Metabolism Drugs Market – Insights
Metabolism diseases results from malfunctioning or inadequate function of the body’s original metabolism. Metabolism diseases can also have a genetic origin, as they can be caused by genetic birth defects as well. Metabolic diseases from genetic defects have low incidence and prevalence rate. Metabolism involves breaking down of carbohydrates, proteins, and fats present in the consumed food, to generate energy.
Furthermore, metabolism also involves excretion of nitrogen through urine, and breaking down or converting other substances and chemicals. This metabolism is carried out by certain enzymes and proteins designated for the respective role. However, metabolism functions improperly when enzymes and proteins are either not produced by the body (inherited disorders), or the produced enzymes do not function the way they are mean to.
Metabolic disorders occur due to buildup of proteins, lipids, glycogen, urea, calcium stones, and toxic substances among others. Each of these molecules have certain designated metabolic pathways, and metabolic agents (enzymes, proteins) at work. Inability of these agents to carry out their tasks cause buildup of the molecules in the blood and other places. Few examples of metabolic diseases include gaucher disease, hereditary tyrosinemia, hereditary orotic aciduria, and fabry disease.

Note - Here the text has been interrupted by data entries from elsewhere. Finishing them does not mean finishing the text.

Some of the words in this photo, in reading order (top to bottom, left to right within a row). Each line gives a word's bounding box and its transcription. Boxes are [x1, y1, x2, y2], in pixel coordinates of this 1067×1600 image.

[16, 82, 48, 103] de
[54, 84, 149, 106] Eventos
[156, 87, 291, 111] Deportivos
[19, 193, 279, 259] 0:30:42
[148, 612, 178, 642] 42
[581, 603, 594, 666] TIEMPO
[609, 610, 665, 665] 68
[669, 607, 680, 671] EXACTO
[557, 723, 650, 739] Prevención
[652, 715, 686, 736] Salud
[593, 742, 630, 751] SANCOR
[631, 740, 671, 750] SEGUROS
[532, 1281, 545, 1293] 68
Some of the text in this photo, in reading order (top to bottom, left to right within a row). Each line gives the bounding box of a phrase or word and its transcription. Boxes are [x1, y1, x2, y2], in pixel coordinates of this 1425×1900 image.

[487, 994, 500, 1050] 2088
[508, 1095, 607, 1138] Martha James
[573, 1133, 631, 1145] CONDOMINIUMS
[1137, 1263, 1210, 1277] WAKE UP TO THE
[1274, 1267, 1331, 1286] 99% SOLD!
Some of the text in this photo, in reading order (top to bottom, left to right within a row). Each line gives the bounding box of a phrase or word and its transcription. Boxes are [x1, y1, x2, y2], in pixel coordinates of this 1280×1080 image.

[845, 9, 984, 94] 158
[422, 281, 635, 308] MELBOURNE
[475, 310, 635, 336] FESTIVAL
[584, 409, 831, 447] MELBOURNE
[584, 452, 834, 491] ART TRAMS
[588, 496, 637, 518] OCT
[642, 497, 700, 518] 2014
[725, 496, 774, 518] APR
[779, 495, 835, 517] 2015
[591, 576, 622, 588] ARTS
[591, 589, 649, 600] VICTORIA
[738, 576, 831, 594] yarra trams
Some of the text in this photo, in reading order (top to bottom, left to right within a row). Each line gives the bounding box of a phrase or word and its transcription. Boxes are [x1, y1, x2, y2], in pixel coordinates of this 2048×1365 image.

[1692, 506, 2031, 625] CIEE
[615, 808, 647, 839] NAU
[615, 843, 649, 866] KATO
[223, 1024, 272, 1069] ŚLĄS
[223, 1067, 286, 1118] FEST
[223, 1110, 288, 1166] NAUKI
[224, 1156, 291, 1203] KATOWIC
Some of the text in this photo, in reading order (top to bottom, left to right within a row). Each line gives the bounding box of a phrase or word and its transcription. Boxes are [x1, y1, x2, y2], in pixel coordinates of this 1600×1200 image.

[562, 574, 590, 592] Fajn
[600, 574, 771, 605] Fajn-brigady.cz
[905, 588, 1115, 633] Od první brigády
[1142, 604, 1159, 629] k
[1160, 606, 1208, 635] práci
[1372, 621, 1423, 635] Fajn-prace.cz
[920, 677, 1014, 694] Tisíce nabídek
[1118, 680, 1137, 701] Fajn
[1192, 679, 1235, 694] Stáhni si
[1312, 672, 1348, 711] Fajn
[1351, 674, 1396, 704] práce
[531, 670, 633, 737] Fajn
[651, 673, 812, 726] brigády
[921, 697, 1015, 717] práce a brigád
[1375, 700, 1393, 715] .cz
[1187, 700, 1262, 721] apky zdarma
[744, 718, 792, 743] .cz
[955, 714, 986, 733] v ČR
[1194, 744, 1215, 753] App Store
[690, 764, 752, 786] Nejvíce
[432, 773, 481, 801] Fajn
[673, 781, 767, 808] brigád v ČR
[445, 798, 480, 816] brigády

Rising prevalence of metabolic diseases is expected to support growth of the metabolism drugs market over the forecast period
Metabolic diseases is a wide category and there are several metabolism disorders caused due to clinically simple defects as well difficult to treat genetic disorders. For instance, obesity is most common type of metabolic disorder and is closely related to metabolic syndrome (a cluster of clinical conditions such as high blood sugar and triglycerides). According to the World Health Organization (WHO), over 650 million people aged 18 years and above were obese in 2016.
Another condition called lysosomal storage disease is a rare disorder, however, a significant number of people are affected with this disease. According to study published in Molecular Genetics and Metabolism Reports in December 2017, lysosomal storage disease has incidence rate of 1 in 4000 to 1 in 13,000 live births. Lysosomal storage disease consists of 60 genetic abnormalities with problematic enzyme function.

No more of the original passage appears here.